The blockchain bears all kinds of potential for improving human systems.
Most often we hear of that potential in reference to financial services and banking systems. But the human arena that could perhaps be most improved by the blockchain is voting.
Over the course of the previous election cycle, talk of fraud, fake news, and “system rigging” was rampant. And for good reason.
Fake news was detrimental. Our existing mechanisms did prove susceptible to outside infection. It became clear to everyone that something needs to change.
And that’s where the blockchain comes in: by moving our voting systems to the blockchain — something several countries and states have experimented with already — we can ameliorate a system exposed as insufficient multiple times over.
The chief benefit of switching our voting systems over to the blockchain is the enhanced level of transparency the blockchain allows for.
The blockchain would — definitively — preclude bad actors from cheating the system. It would make sure people do not vote twice, since we’d have an immutable record of their vote and their identity. And no one would ever be able to delete votes, because, again, the blockchain is immutable. Those charged with counting votes would have a final record of every vote counted that could be checked by regulators or auditors at any time.
On the blockchain, everything is both immutable and verifiable. Also important, however, is the fact that results can be encrypted, which would encourage transparency while at the same time maintaining a crucial sense of privacy.
Results entered and stored on the blockchain are not just immutable and transparent, however — they’re also immediately available.
That means conducting our elections on the blockchain is not only safer but also more efficient.
If you compare this to the way we conduct elections presently, the differences are stark. It currently takes hours and sometimes days to count votes after elections — and sometimes we muddle up the results on account of human or machine error, which of course results in the process taking even longer.
The blockchain, however, offers a reality in which that human error is taken out of the equation and results are counted immediately.
Imagine knowing election results immediately after an election is over. That’s what the blockchain can do.
Our elections consist of more processes and functions than the tallying of votes. When we speak of elections, we must also speak of everything that happens before election day — such as the dissemination and discussion of information and news.
That is perhaps where our voting system was proven to be most vulnerable during this last election cycle. Users on social media sites are to this day exposed regularly to pictures and articles that, to an undiscerning eye, look real. Readers are left to their own devices as far as determining whether or not something is, in fact, authentic.
The blockchain promises to enable us with the power to verify which sources of news are reputable and verifiable.
It can serve as an immutable source of data against which news sources can be checked. If we stored this sort of data on the blockchain, for example, a user on Facebook could look up an author or site they come across and determine whether or not that author or site publishes verifiably true or patently false information. That record would live on the blockchain for all to reference.
Individual articles, even, could be up-voted or down-voted in accordance with whether users can confirm the content is accurate. This, in effect, gives people more tools with which to practice smart social media consumption habits.
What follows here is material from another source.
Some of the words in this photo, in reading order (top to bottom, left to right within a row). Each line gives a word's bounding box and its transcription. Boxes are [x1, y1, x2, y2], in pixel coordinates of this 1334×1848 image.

What becomes clear is the more you investigate the blockchain as a potential mechanism for governing voting processes, the more you find its application extends further than municipal or public elections.
Individual companies and organizations could reap the same benefits by utilizing the blockchain internally.
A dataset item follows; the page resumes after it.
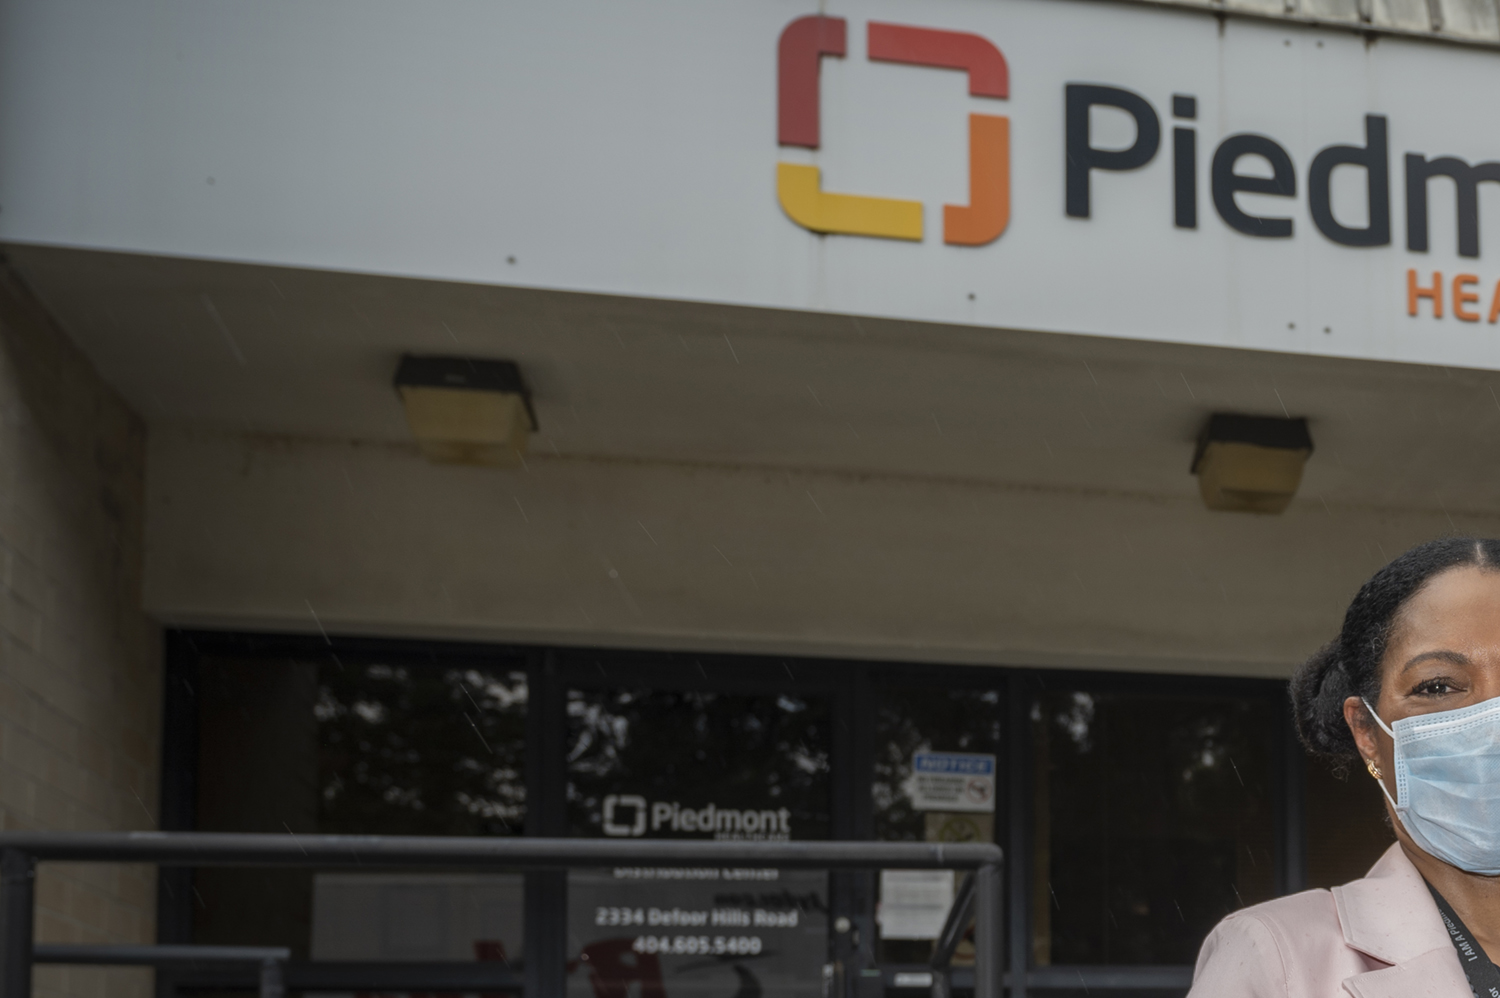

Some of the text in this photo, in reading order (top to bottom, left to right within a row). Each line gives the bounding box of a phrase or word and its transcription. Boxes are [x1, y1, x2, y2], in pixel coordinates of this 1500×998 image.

For example, companies could use tokens to grant employees and stakeholders voting rights. The more coins an employee or voter is granted, the more weight their potential vote holds. Granting tokens is also a way to incentivize good behavior, such as consistent accuracy.
Companies like Ethereum are already experimenting with this kind of structure — a structure which, in addition to increasing transparency and efficiency, also diversifies power.
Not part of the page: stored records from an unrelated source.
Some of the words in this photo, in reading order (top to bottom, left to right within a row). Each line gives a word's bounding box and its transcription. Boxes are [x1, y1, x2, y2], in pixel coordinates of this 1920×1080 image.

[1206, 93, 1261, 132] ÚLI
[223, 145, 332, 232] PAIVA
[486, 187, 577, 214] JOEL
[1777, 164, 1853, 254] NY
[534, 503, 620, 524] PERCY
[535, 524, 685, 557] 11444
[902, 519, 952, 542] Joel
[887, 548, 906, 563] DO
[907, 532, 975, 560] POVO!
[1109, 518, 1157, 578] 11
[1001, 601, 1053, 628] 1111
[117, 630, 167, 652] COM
Of course, the blockchain will not prove useful in ameliorating our voting processes unless those in power decide to implement it.
The good news? The technology to make that happen already exists. And we see countries and states around the world experimenting with that technology — hosting elections on the blockchain, using the blockchain to store and track voting data, and verifying news sources by way of a decentralized consensus.
There is more work to be done before this is a reality, sure. But the technology is here. And we know what awaits us should we decide to make transparency, efficiency, and safety a priority: a new future.